Negli ultimi mesi, mentre navigavo tra un sintomo strascicato e l'altro, un giorno mangiando male, un giorno mal dormendo, un altro digerendo a stento e l'altro ancora sentendomi sfinita per l'immane sforzo richiestomi dal mangiare, dal dormire e dal digerire, il tutto unito all'immane fatica di recarmi a fare il mio onesto lavoro - unica cosa che riesce a tenere uniti i fili ancora sfilacciati della mia grama esistenza - mi tornava con insistenza alla mente una delle più orride canzoni mai sentite a Sanremo, ovvero "Eterna malattia", cantata (male) da tale Bertin Osborne, di cui mi guarderò bene dal postare il link - mi auguro anzi di essere l'unica sventurata che ancora se la ricorda, in virtù di una tenace memoria che non sempre è un vantaggio. Tale canzone sviluppava il tema assai consueto dell'amore come dolce malattia che fa male e che fa bene, con una singolare rozzezza sia nella musica che nelle parole.
Quanto alla mia personale eterna malattia, piuttosto scevra da complicazioni romantiche, mi rende ancora assai sensibile a qualsiasi malanno circoli per il mondo; ma va pur detto che quest'anno l'influenza è assai perversa e ha mietuto vittime nelle sue forme più strane anche tra persone che invero godono abitualmente di buona salute, e la forma con cui è approdata fino a me è una curiosa infiammazione che, partendo dalla gola, ha interessato il trigemino e pure un braccio che si è mirabilmente gonfiato costringendomi a mettermi per la terza volta quest'anno in malattia. Eccheppalle.

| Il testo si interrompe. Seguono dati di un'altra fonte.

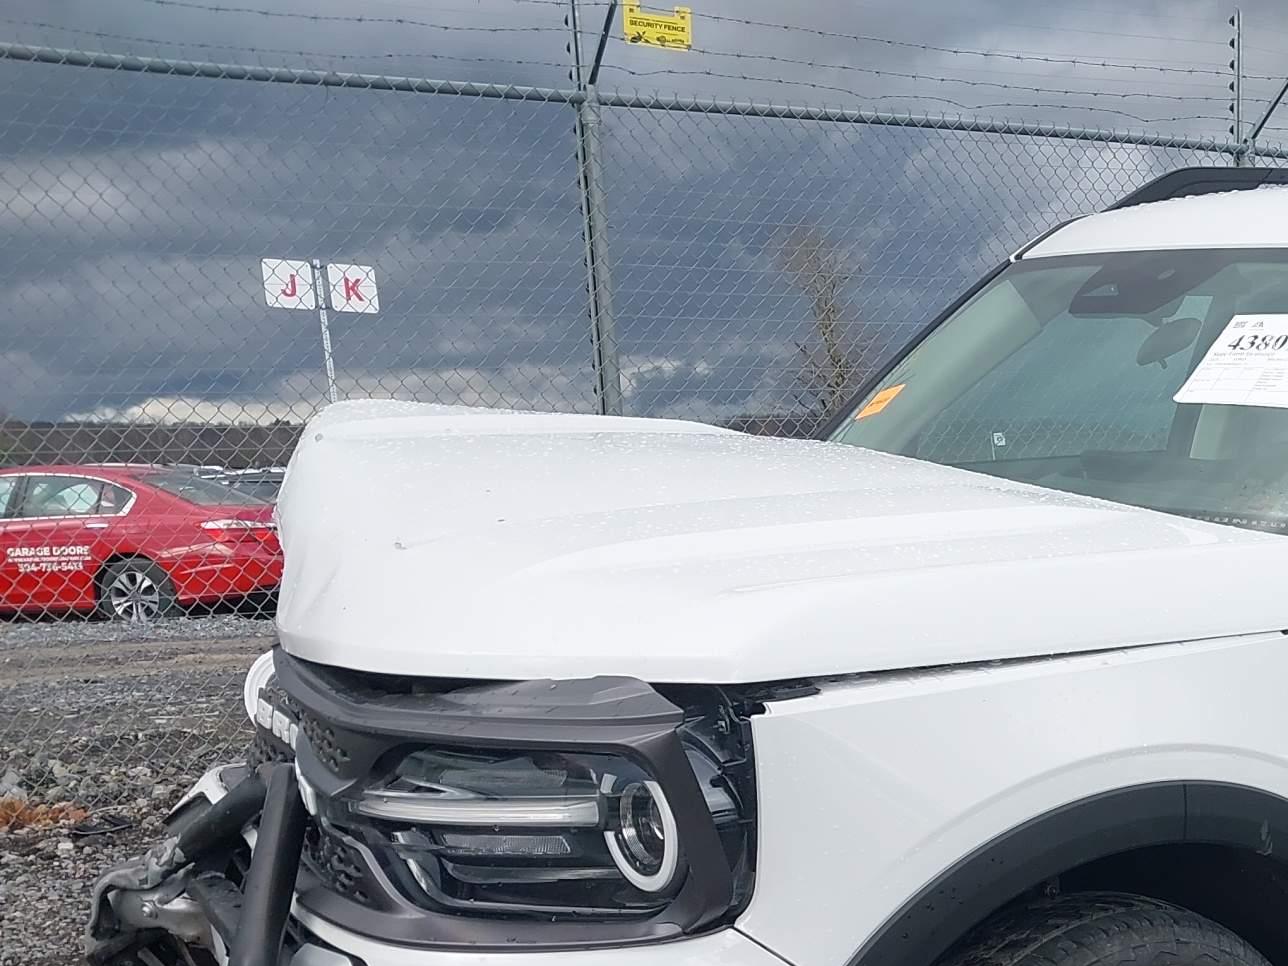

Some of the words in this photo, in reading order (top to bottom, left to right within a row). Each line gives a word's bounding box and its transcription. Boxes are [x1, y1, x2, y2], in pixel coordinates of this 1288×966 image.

Tuttavia gli sfiammanti stanno sfiammando anche zone insospettabili, e improvvisamente mangiare è tornata una attività piuttosto piacevole. Così, tra una tachipirina e un deflogistico passo le giornate a dormire, e le nottate anche, facendo sogni decisamente strani ma non privi di una loro piacevolezza, e ho pure ripreso a leggere.
Siccome è San Valentino però ho pensato di mettere qui due delle mie canzoni d'amore preferite, dedicate alla grande potenza di questo nobile sentimento invece che al suo aspetto medico: la canzone di Fenton nel Falstaff


splendida e inarrivabile descrizione dell'amore tra ragazzi, e la grandiosa The Power of Love che su di me ha sempre un magico effetto rigenerante, come una doccia sotto una cascata (almeno immagino, perché io una doccia sotto una cascata purtroppo non ho mai avuto il piacere di farla).

Oltre che una malattia, l'amore è la più grande cura di ogni male secondo me, e davanti al suo potere i malanni scompaiono per lasciare il posto a un ben più grandioso ordine di idee e di sentimenti.
Con i migliori auguri a tutti quelli che passano da qua - e un pochino anche a me, che vorrei tanto diventare meno lamentosa.